Beneath the pale winter sun in western Gaza, Umm Hamada Qarout crouches by the roadside near Abbas intersection, her tired fingers plucking leaves from a wild lisan plant. The sparse greens will make the only meal her family eats for iftar on this twenty-second day of Ramadan. Once a humble winter staple, wild plants like lisan and khubeiza have become lifelines for Gaza’s two million people, trapped under a suffocating blockade with no relief in sight.
"I’ve looked everywhere—there’s nothing left to feed my children but these weeds," Umm Hamada murmurs, her voice hollow with exhaustion. "No meat, no chicken, not even vegetables." The 50-year-old shares a home with her married son, whose meagre salary of 800 shekels a month is swallowed by prices that spiral higher each day.
Nearby, in a makeshift tent along Third Street, Umm Ahmed Abu Halima sorts through a pile of khubeiza, brushing off the dirt. "At the start of the war, we ate these plants because we had no choice. Now, we’re back to them because the markets are empty," she says. Cooking the greens has become a grim exercise in scarcity—some boil them with just water, others stretch them with a pinch of flour. "Sometimes, we share what little we have with neighbours. Everyone brings something, but it’s never enough."

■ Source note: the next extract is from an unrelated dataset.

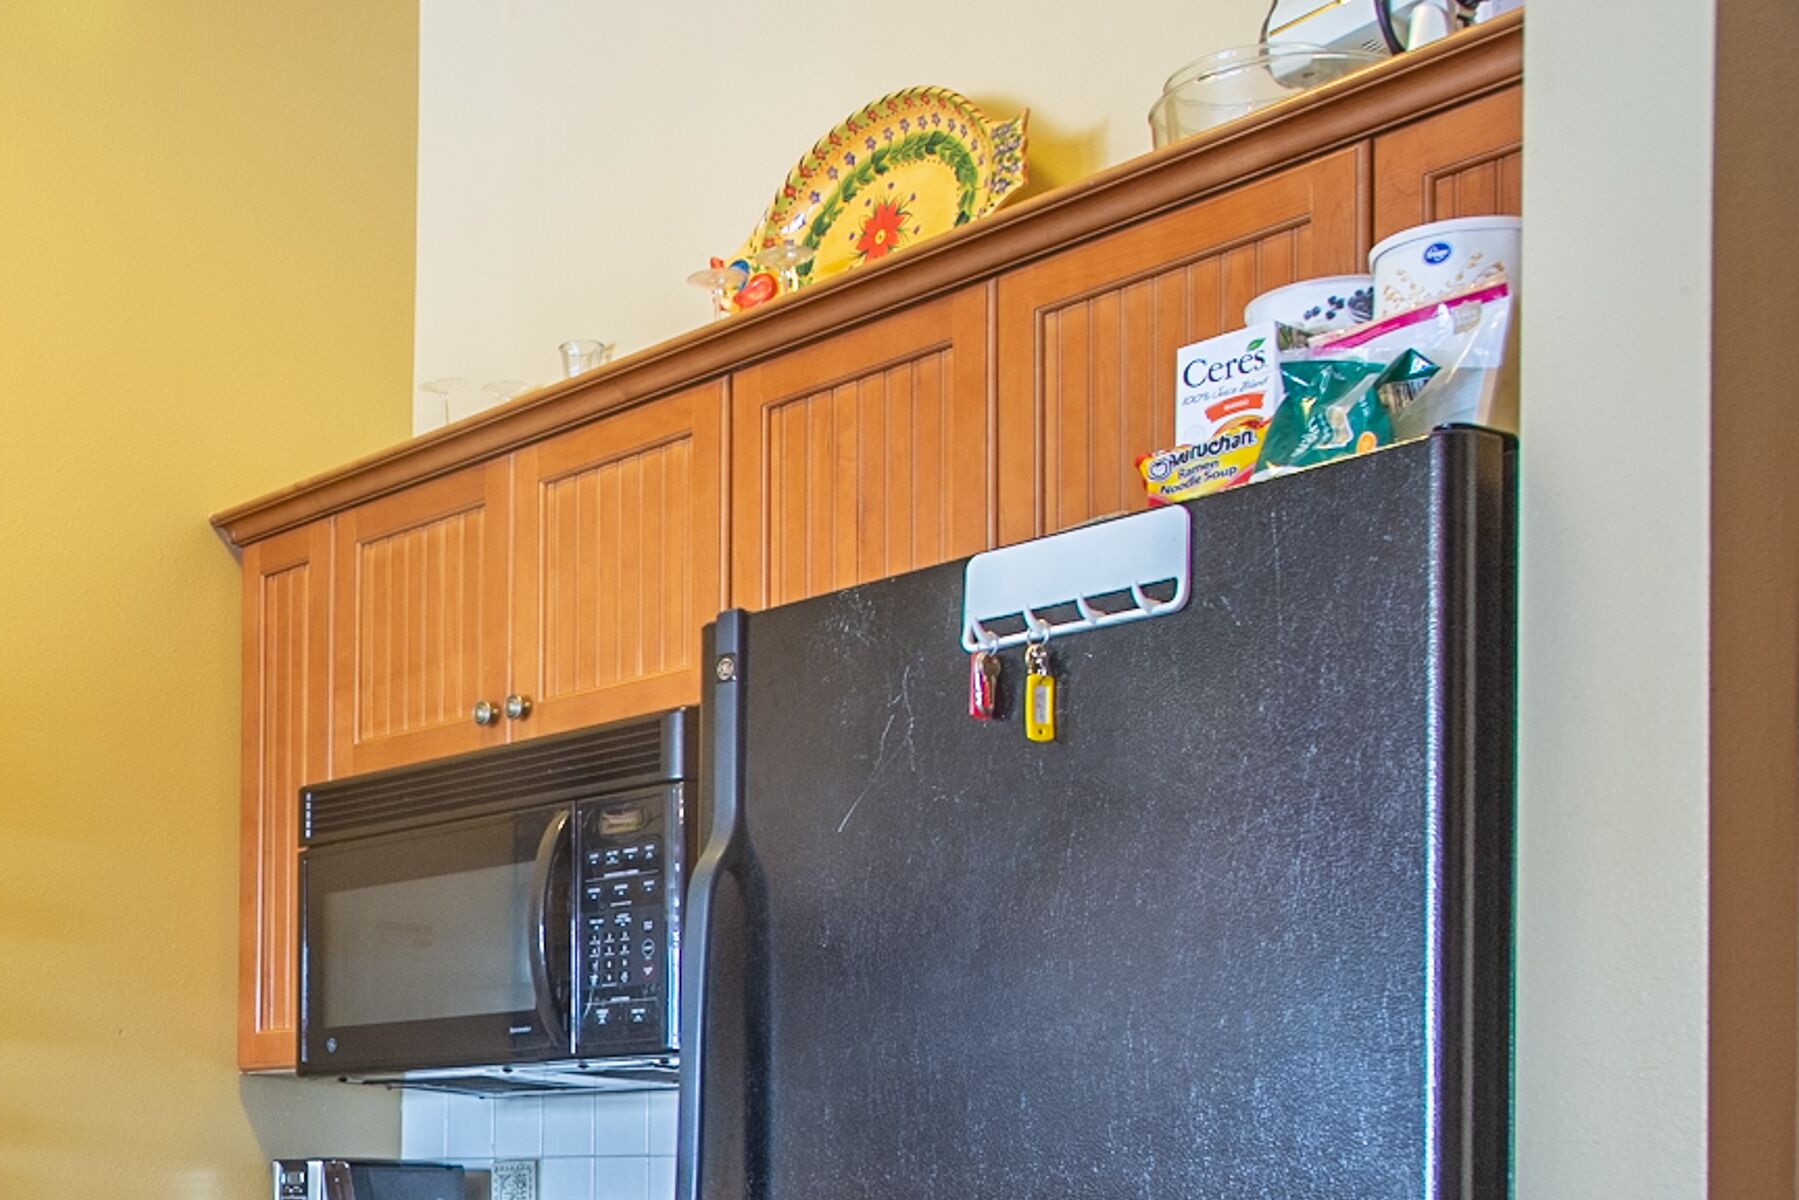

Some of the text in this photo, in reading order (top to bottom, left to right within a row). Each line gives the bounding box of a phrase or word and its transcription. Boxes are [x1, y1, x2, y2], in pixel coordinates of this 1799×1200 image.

[1182, 349, 1267, 388] Ceres
[1160, 466, 1237, 494] Noodle Soup
[1178, 460, 1220, 479] Ramen

In Sheikh Radwan market, stallholder Ahmed Hamouda watches as crowds sift through wilted mallow and spinach. "Before the war, these plants were cheap, something people bought occasionally. Now, they’re all anyone can afford," he says. Even unfamiliar greens like purslane are snatched up—anything to stave off hunger.
The Gaza Government Media Office condemns what it calls Israel’s "deliberate starvation policy," accusing it of blocking food, water, and medicine to inflict slow death on civilians. Since October 2023, over 2.4 million Palestinians have faced famine conditions, with flour and sugar prices soaring by 200%. The UN’s World Food Programme warns no aid has entered since March, leaving families to scavenge or starve.
For Umm Hamada and Umm Ahmed, survival now hinges on weeds and shared scraps. Yet as the siege tightens, so does the dread of what comes next. Gaza’s people cling to resilience, but beneath it lingers a harrowing truth: how much longer can they endure?